[Saved data entries]
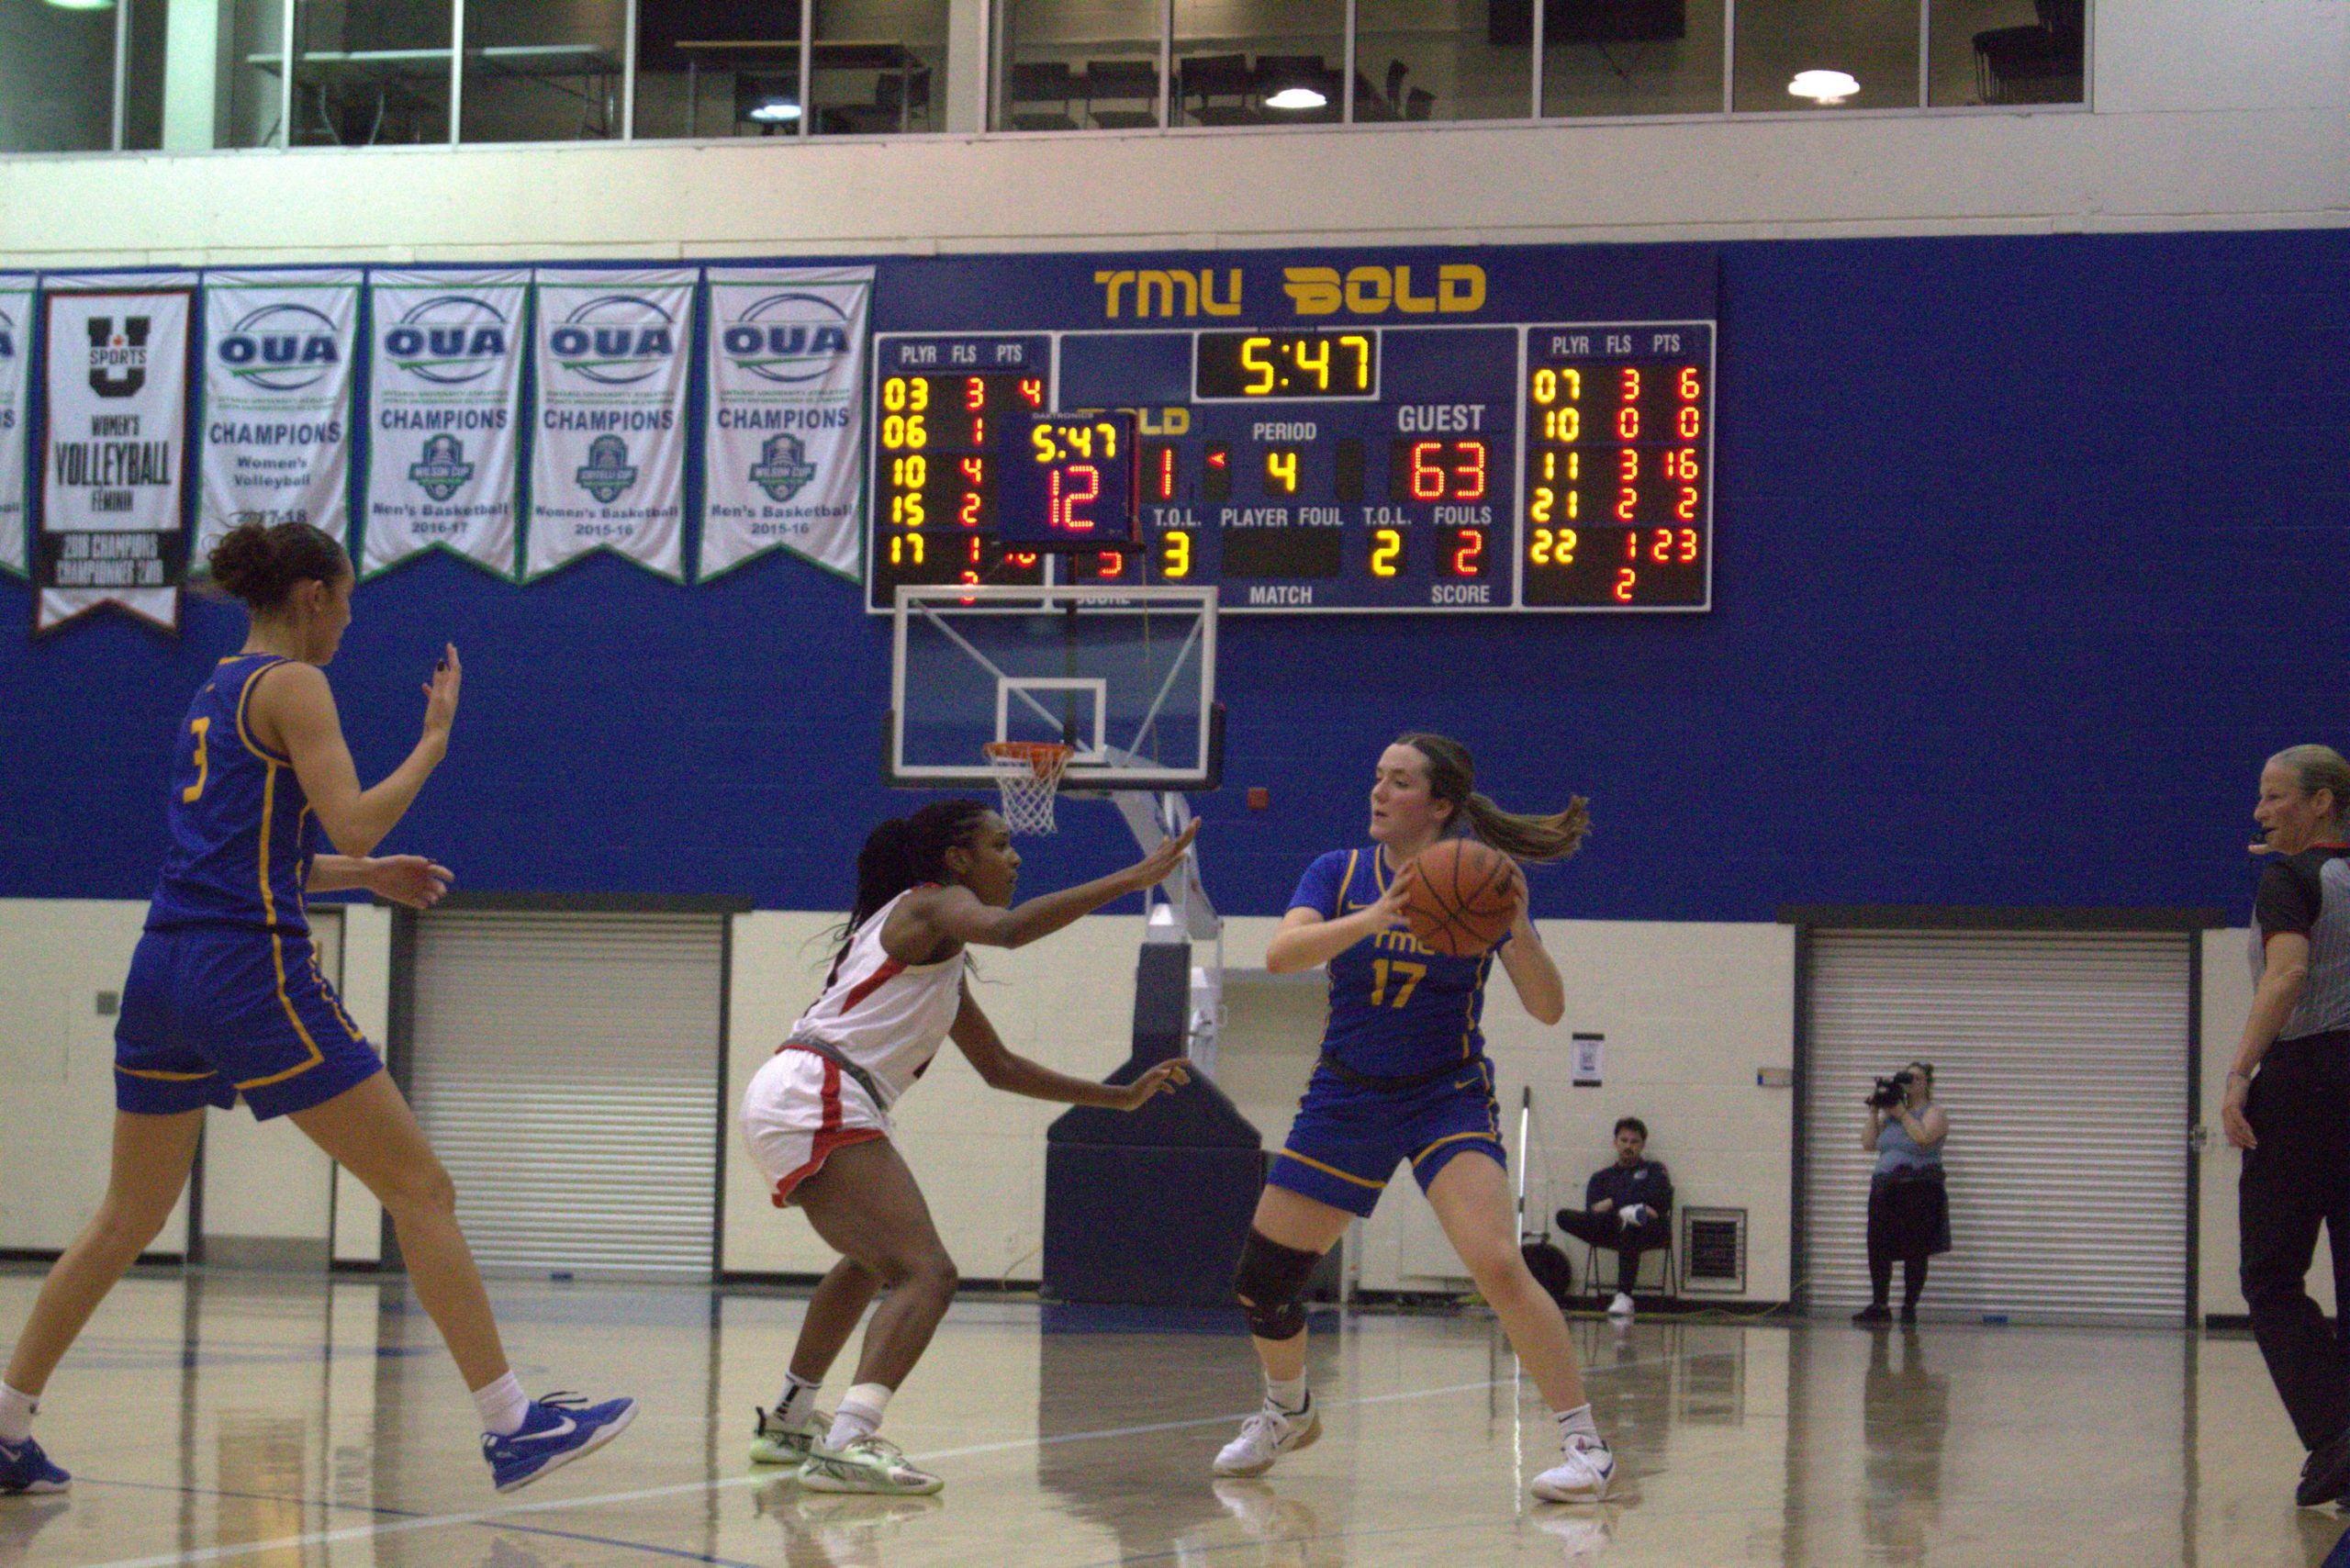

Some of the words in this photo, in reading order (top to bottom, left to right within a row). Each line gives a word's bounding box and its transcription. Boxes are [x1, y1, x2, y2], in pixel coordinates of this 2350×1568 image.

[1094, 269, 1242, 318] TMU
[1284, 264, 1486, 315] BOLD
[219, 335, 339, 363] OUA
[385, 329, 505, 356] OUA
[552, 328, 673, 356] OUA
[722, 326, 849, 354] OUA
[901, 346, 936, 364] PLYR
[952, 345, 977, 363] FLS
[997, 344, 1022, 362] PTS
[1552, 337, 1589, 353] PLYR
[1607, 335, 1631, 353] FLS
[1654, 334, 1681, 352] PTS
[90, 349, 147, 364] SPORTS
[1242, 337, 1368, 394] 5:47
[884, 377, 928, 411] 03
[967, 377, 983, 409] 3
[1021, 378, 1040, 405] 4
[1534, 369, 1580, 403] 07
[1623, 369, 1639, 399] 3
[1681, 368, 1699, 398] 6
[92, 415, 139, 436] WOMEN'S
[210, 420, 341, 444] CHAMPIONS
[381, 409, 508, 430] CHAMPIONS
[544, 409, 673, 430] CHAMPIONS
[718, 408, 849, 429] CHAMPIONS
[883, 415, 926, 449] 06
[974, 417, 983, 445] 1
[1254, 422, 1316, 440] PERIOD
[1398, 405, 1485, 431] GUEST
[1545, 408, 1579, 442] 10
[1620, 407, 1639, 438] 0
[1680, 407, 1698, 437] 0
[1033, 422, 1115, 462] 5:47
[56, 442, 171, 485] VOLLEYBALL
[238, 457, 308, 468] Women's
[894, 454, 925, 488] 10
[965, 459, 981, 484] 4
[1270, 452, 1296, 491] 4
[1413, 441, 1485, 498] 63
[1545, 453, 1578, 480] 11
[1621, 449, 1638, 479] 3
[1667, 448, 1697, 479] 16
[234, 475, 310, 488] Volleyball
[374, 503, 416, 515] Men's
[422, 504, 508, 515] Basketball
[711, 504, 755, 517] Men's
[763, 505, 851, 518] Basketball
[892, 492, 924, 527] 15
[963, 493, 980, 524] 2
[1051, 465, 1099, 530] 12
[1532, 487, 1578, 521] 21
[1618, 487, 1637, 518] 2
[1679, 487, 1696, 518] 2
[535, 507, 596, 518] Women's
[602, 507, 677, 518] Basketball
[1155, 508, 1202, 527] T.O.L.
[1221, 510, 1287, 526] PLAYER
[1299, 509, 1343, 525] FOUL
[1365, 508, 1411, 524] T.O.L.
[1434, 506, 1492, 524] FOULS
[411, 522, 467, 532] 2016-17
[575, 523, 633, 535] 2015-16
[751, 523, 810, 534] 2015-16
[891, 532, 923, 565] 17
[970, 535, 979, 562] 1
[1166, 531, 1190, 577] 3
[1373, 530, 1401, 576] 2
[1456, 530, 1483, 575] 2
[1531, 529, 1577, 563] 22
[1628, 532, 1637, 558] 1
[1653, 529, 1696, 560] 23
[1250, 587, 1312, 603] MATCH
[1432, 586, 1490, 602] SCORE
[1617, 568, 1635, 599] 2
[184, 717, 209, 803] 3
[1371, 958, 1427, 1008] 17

The problem
Each line of the data should be printed again exactly. Please leave pictures out.

Task answer
Some of the words in this photo, in reading order (top to bottom, left to right within a row). Each line gives a word's bounding box and its transcription. Boxes are [x1, y1, x2, y2], in pixel coordinates of this 2350×1568 image.

[1094, 269, 1242, 318] TMU
[1284, 264, 1486, 315] BOLD
[219, 335, 339, 363] OUA
[385, 329, 505, 356] OUA
[552, 328, 673, 356] OUA
[722, 326, 849, 354] OUA
[901, 346, 936, 364] PLYR
[952, 345, 977, 363] FLS
[997, 344, 1022, 362] PTS
[1552, 337, 1589, 353] PLYR
[1607, 335, 1631, 353] FLS
[1654, 334, 1681, 352] PTS
[90, 349, 147, 364] SPORTS
[1242, 337, 1368, 394] 5:47
[884, 377, 928, 411] 03
[967, 377, 983, 409] 3
[1021, 378, 1040, 405] 4
[1534, 369, 1580, 403] 07
[1623, 369, 1639, 399] 3
[1681, 368, 1699, 398] 6
[92, 415, 139, 436] WOMEN'S
[210, 420, 341, 444] CHAMPIONS
[381, 409, 508, 430] CHAMPIONS
[544, 409, 673, 430] CHAMPIONS
[718, 408, 849, 429] CHAMPIONS
[883, 415, 926, 449] 06
[974, 417, 983, 445] 1
[1254, 422, 1316, 440] PERIOD
[1398, 405, 1485, 431] GUEST
[1545, 408, 1579, 442] 10
[1620, 407, 1639, 438] 0
[1680, 407, 1698, 437] 0
[1033, 422, 1115, 462] 5:47
[56, 442, 171, 485] VOLLEYBALL
[238, 457, 308, 468] Women's
[894, 454, 925, 488] 10
[965, 459, 981, 484] 4
[1270, 452, 1296, 491] 4
[1413, 441, 1485, 498] 63
[1545, 453, 1578, 480] 11
[1621, 449, 1638, 479] 3
[1667, 448, 1697, 479] 16
[234, 475, 310, 488] Volleyball
[374, 503, 416, 515] Men's
[422, 504, 508, 515] Basketball
[711, 504, 755, 517] Men's
[763, 505, 851, 518] Basketball
[892, 492, 924, 527] 15
[963, 493, 980, 524] 2
[1051, 465, 1099, 530] 12
[1532, 487, 1578, 521] 21
[1618, 487, 1637, 518] 2
[1679, 487, 1696, 518] 2
[535, 507, 596, 518] Women's
[602, 507, 677, 518] Basketball
[1155, 508, 1202, 527] T.O.L.
[1221, 510, 1287, 526] PLAYER
[1299, 509, 1343, 525] FOUL
[1365, 508, 1411, 524] T.O.L.
[1434, 506, 1492, 524] FOULS
[411, 522, 467, 532] 2016-17
[575, 523, 633, 535] 2015-16
[751, 523, 810, 534] 2015-16
[891, 532, 923, 565] 17
[970, 535, 979, 562] 1
[1166, 531, 1190, 577] 3
[1373, 530, 1401, 576] 2
[1456, 530, 1483, 575] 2
[1531, 529, 1577, 563] 22
[1628, 532, 1637, 558] 1
[1653, 529, 1696, 560] 23
[1250, 587, 1312, 603] MATCH
[1432, 586, 1490, 602] SCORE
[1617, 568, 1635, 599] 2
[184, 717, 209, 803] 3
[1371, 958, 1427, 1008] 17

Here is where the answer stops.